WHAT YOU HAVE TO DO: Set down every line from the one with "Some of the text" to the end of the entries, both ends included, exactly as it reads and without pictures.
-------- INFORMATION SUPPLIED --------
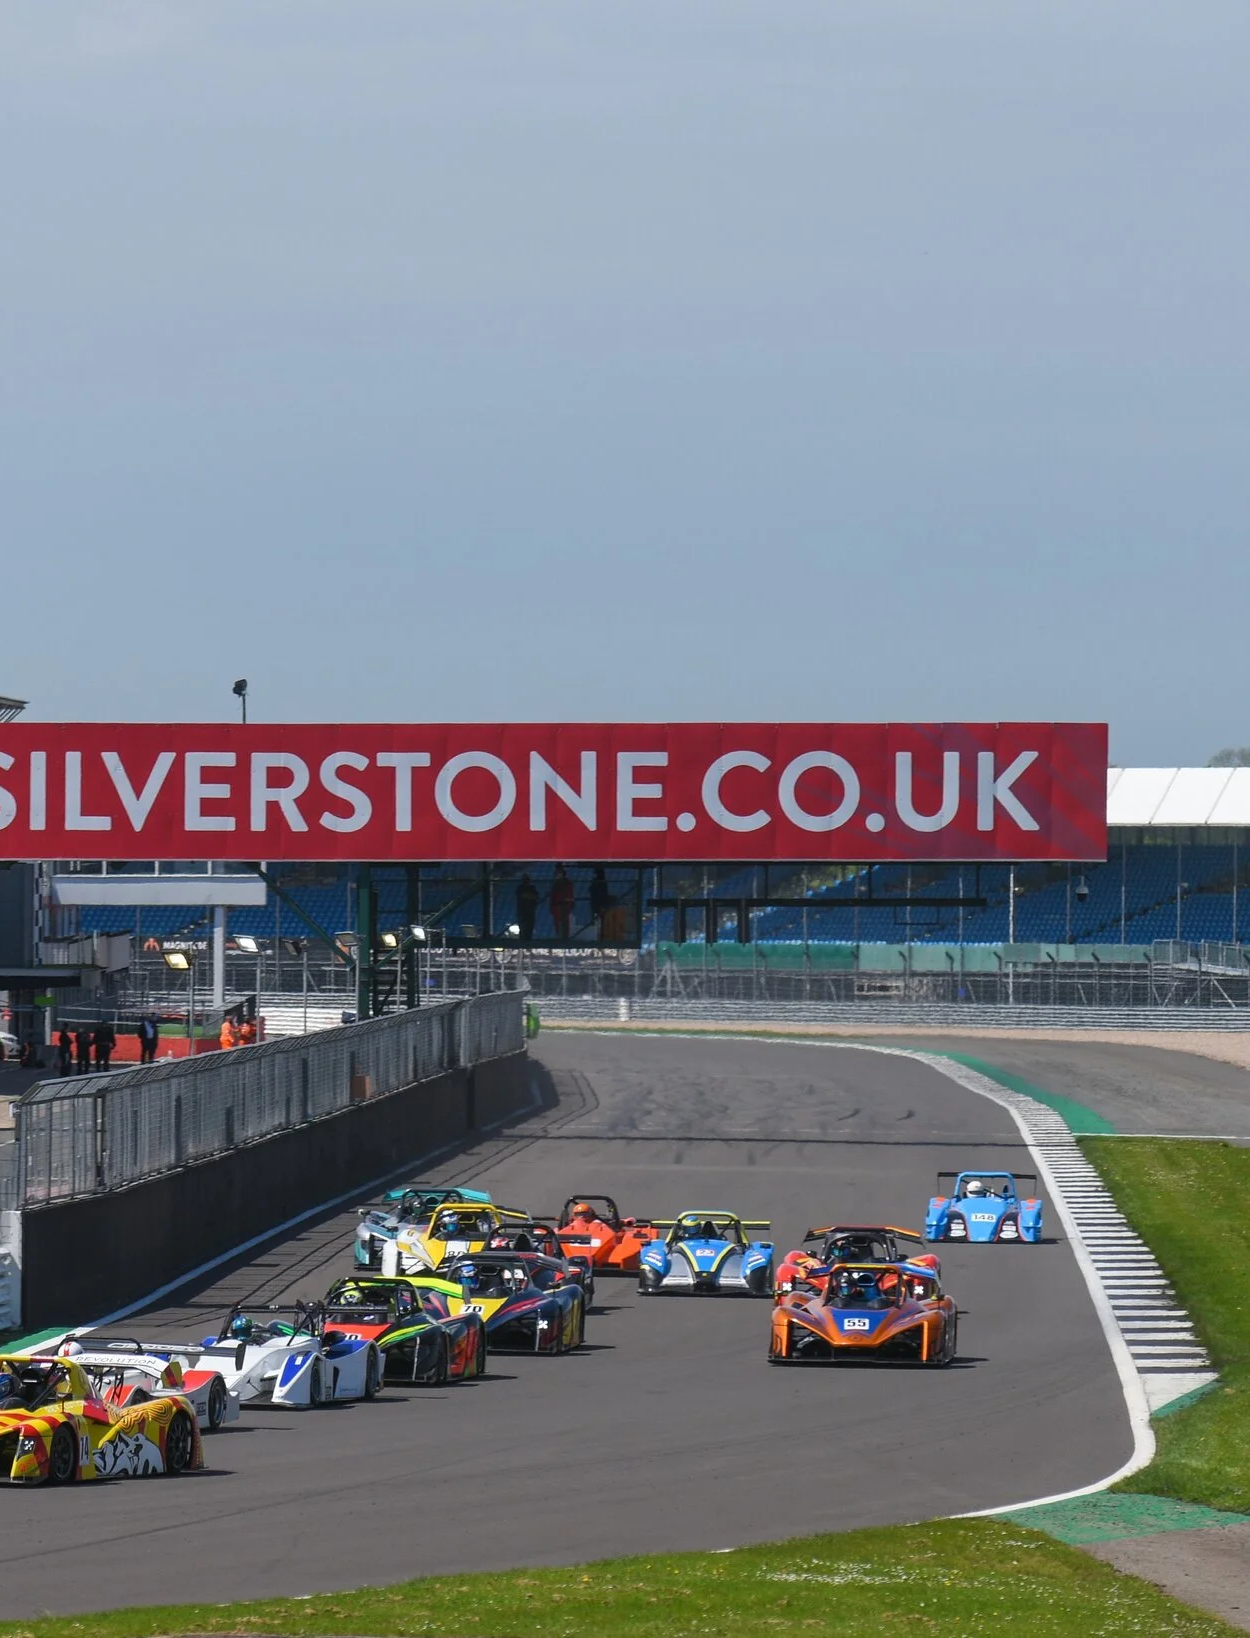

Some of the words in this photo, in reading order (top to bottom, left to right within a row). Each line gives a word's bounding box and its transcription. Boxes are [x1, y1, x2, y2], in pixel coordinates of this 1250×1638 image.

[463, 1305, 482, 1313] 70
[847, 1319, 866, 1327] 55
[75, 1356, 157, 1365] REVOLUTION
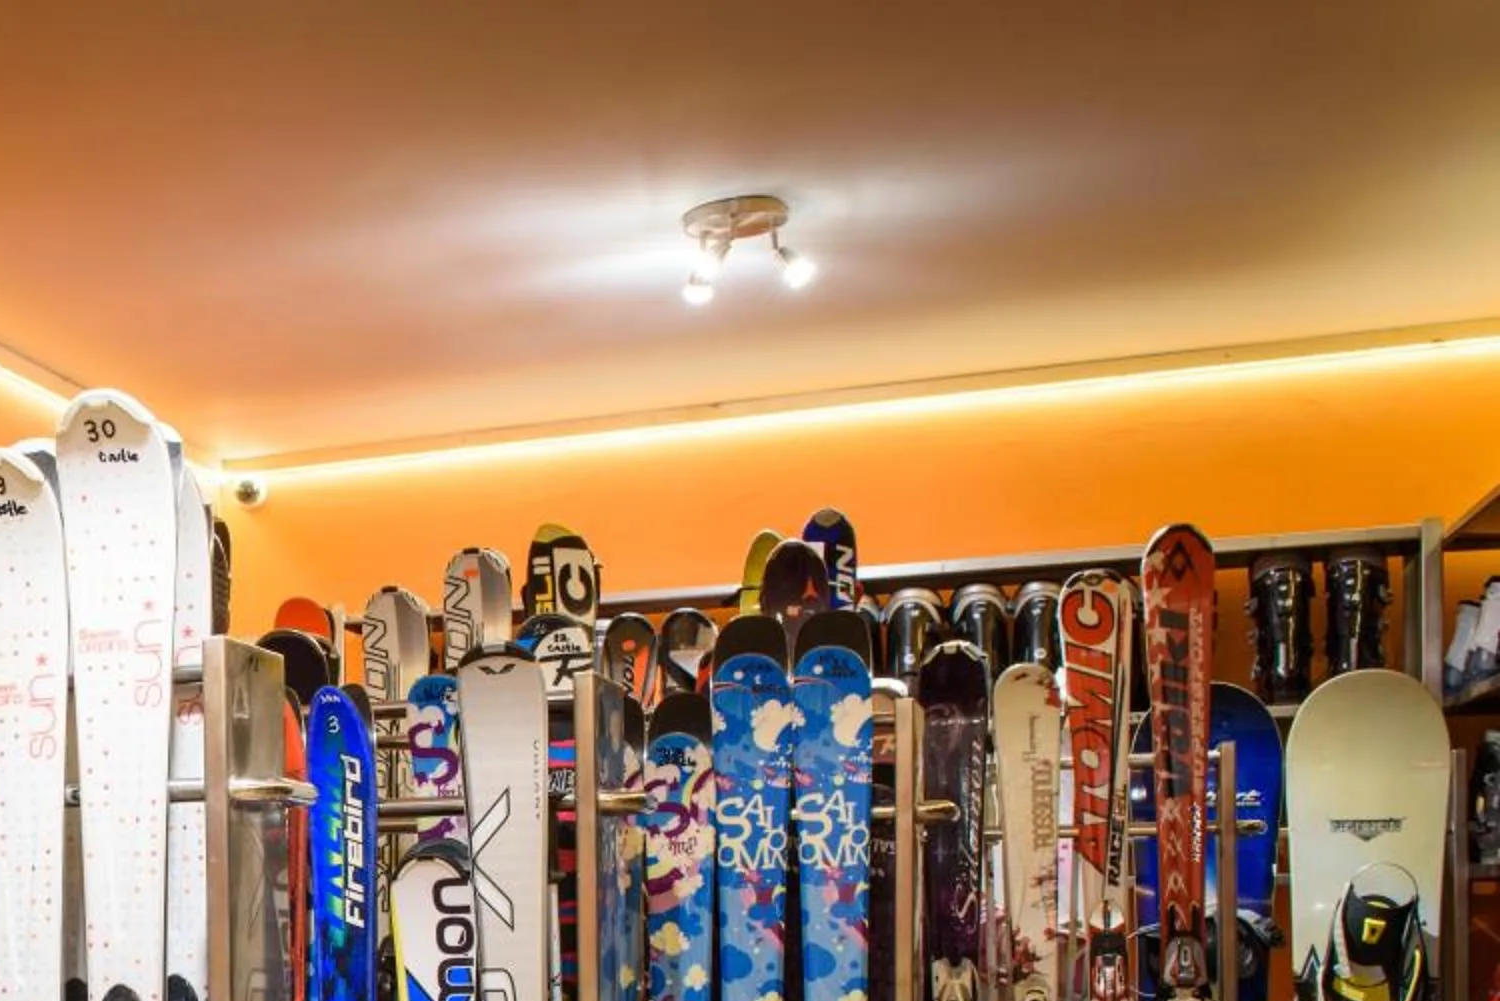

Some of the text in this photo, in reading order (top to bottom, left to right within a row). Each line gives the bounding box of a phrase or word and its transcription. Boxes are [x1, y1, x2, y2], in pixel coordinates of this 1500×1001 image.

[84, 420, 116, 442] 30
[328, 716, 340, 733] 3
[1061, 588, 1117, 875] ATOMIC
[341, 754, 364, 927] Firebird
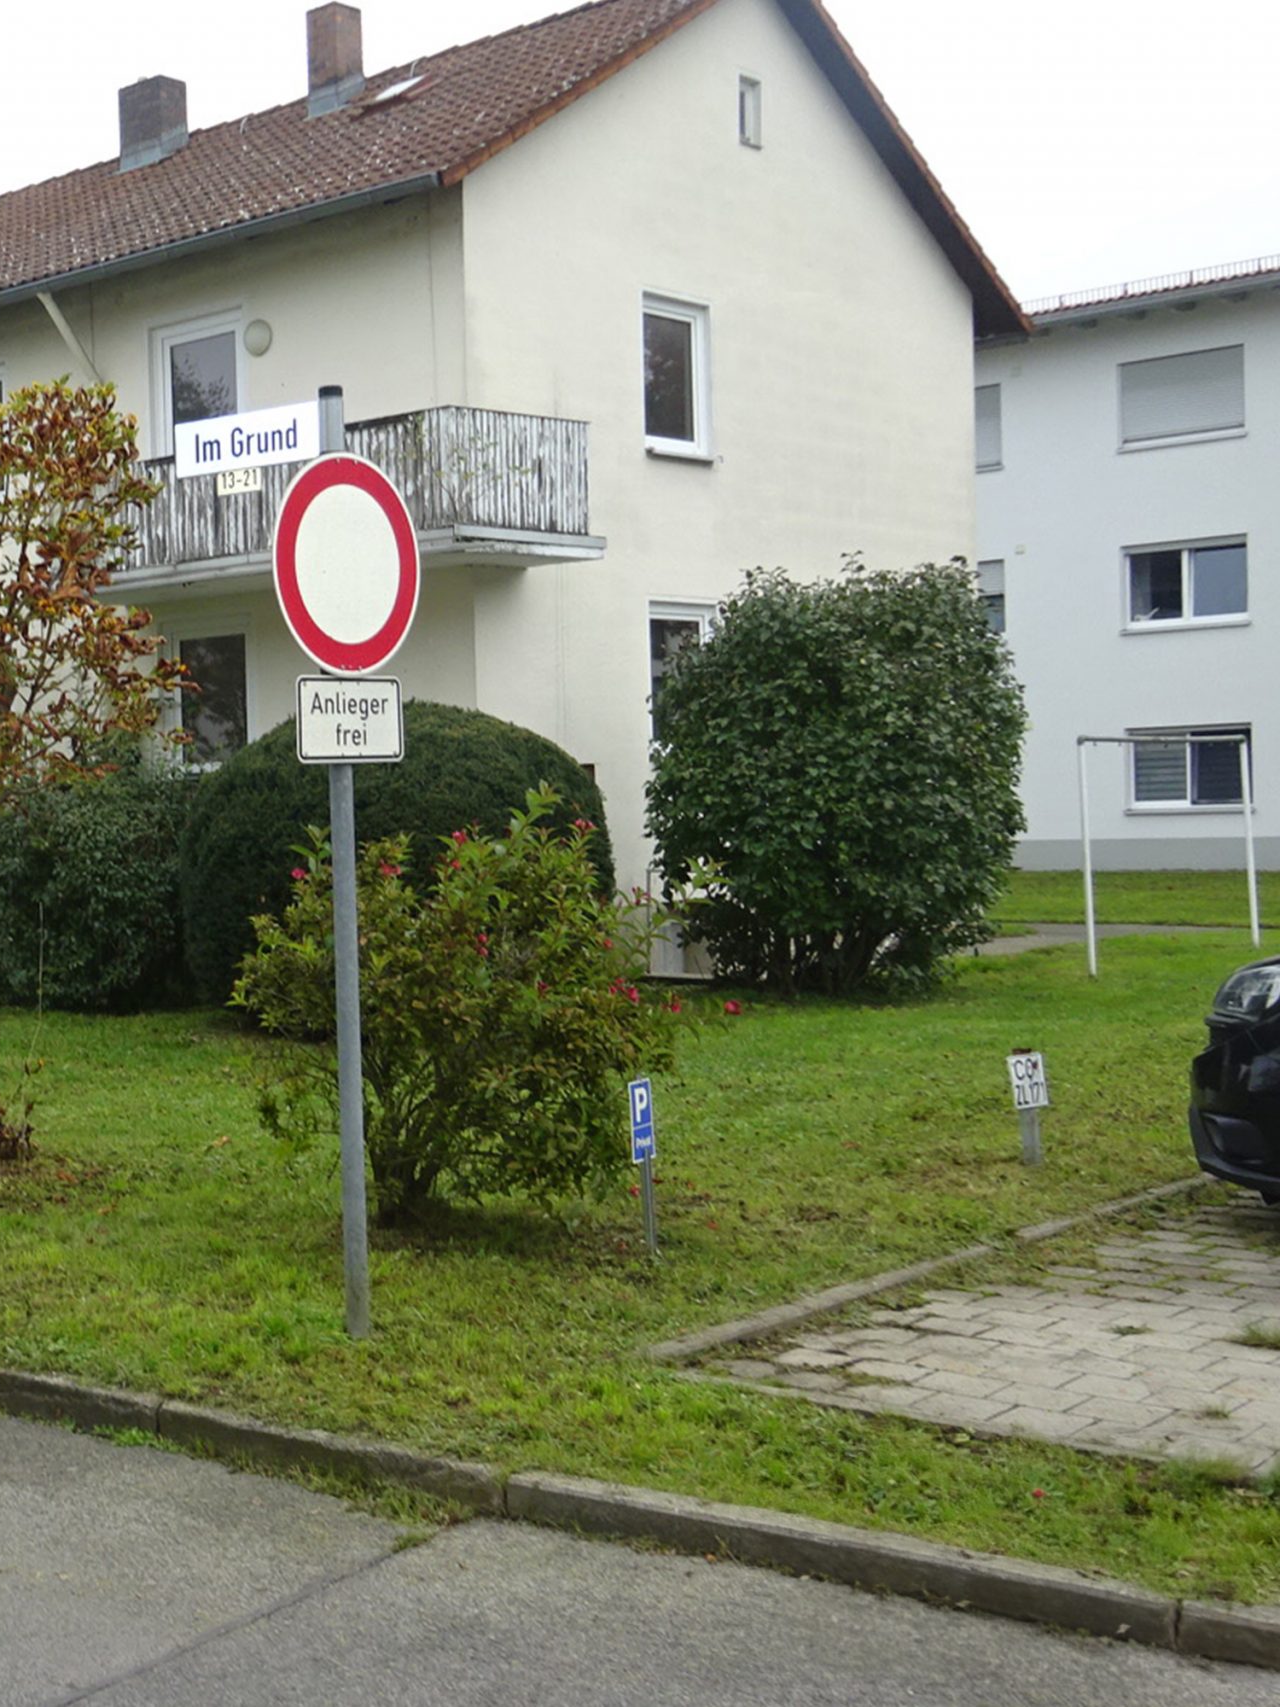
--------
TASK SOLUTION:
Some of the text in this photo, in reading order (top to bottom, left to right within a row). Each line gives the bounding box of a phrase or word and its transcription. Boxes are [x1, y1, x2, y2], in pixel coordinates of this 1500×1001 image.

[84, 420, 116, 442] 30
[328, 716, 340, 733] 3
[1061, 588, 1117, 875] ATOMIC
[341, 754, 364, 927] Firebird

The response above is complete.